JF: The 4Hs are manifested every day. For example, in marketing, we don’t do search engine optimization on competitors’ trademarks. It’s not illegal, but it’s not Honest either. When a competitor is having a bad day, we are not happy but rather Humbled, knowing that it could just as easily have been our bad day.

Engagement is driven a lot by job design (this is where the Hungry comes in). I like to aim for 2/3 Rising Star and 1/3 Been There Done That. This means that 1/3 of your job you have done previously and are already good at. This is how you pay for yourself. The other 2/3 of your job is something adjacent to what you have done, but is a new skill for you to learn. This kind of on-the-job learning drives a lot of engagement, even though it can be chaotic.

In addition to the 4Hs, we also believe the following factors are important for engagement:

Knowing the big idea.

Knowing exactly how your daily work influences it.

Measuring progress toward that goal every day.

LCG: Suppose an employee is working in the “2/3 Rising Star” mode and finds himself over his head. He took on something that was a stretch, but he had the confidence to give it a shot. Now that he’s in the middle of it, he’s not feeling at all confident that he can deliver what’s needed.

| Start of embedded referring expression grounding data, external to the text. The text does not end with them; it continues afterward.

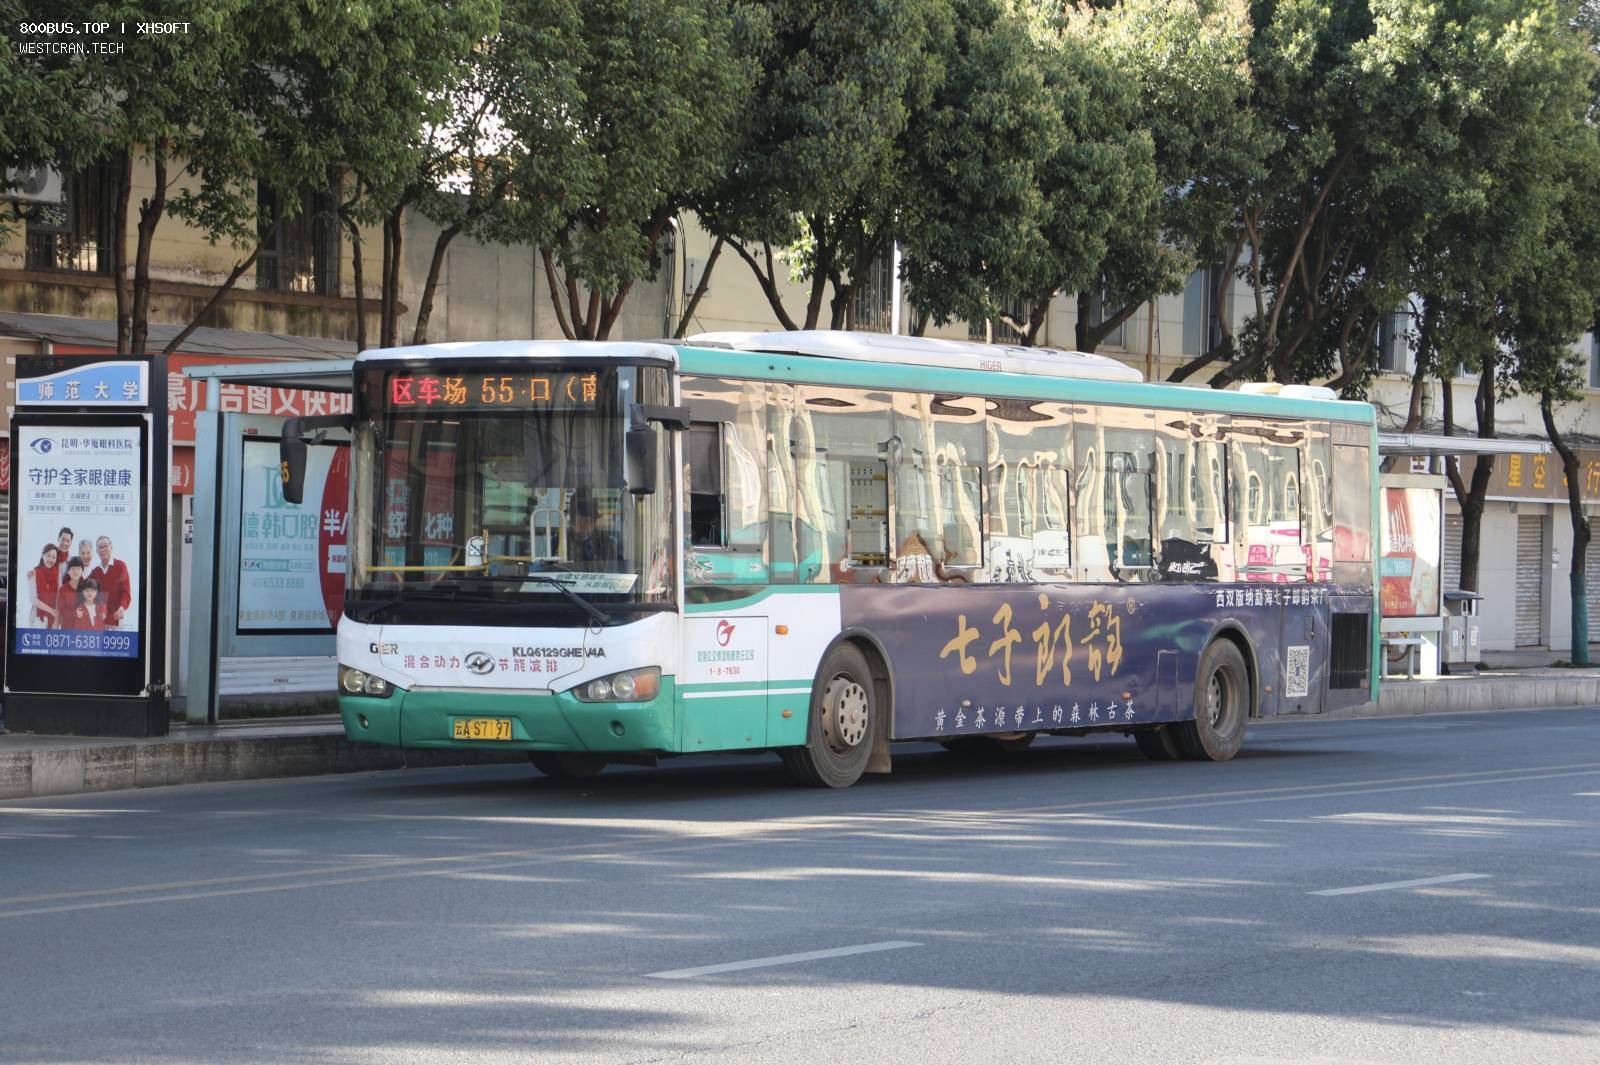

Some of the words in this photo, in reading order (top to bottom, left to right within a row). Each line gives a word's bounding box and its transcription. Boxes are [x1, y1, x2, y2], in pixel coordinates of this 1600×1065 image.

[38, 380, 139, 400] 师范大学
[391, 376, 467, 405] 区车场
[481, 377, 514, 403] 55
[28, 467, 132, 487] 守护全家眼健康
[243, 512, 318, 539] 德韩口腔
[45, 634, 100, 649] 0871-6381
[103, 635, 130, 650] 9999
[404, 655, 460, 669] 混合动力
[499, 658, 558, 672] 节能减排
[935, 699, 1136, 732] 黄金茶源带上的森林古茶

How does your company handle a scenario like this?

JF: This is a first H scenario. Be Honest with yourself. A manager may not have expertise in an employee’s job area, so managers have to be trained to encourage employees to self-report when they are in over their heads. We are ok with failure and weakness. We will get you the training, advisors, mentors or other help you need to be successful. This is also very closely related to our Humility value. Our founder said “Help” when he needed a CEO, for example.

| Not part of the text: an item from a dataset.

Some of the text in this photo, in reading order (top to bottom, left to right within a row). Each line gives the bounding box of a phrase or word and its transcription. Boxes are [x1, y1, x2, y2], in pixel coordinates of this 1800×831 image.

LCG: What advice do you have for organizations that are struggling with low employee engagement and need a “turn-around strategy” for improving morale?

JF: That’s a hiring problem. If your organization is grappling with low engagement, the first step is to get clear on your values. Step 2 is to articulate them. Step 3 is to interview (and fire) based on them. Getting values consistency in your workforce will go a long way toward driving organizational health. We carefully screen candidates for the 4Hs. Further, we design the work environment to give employees general direction and then stay out of their way.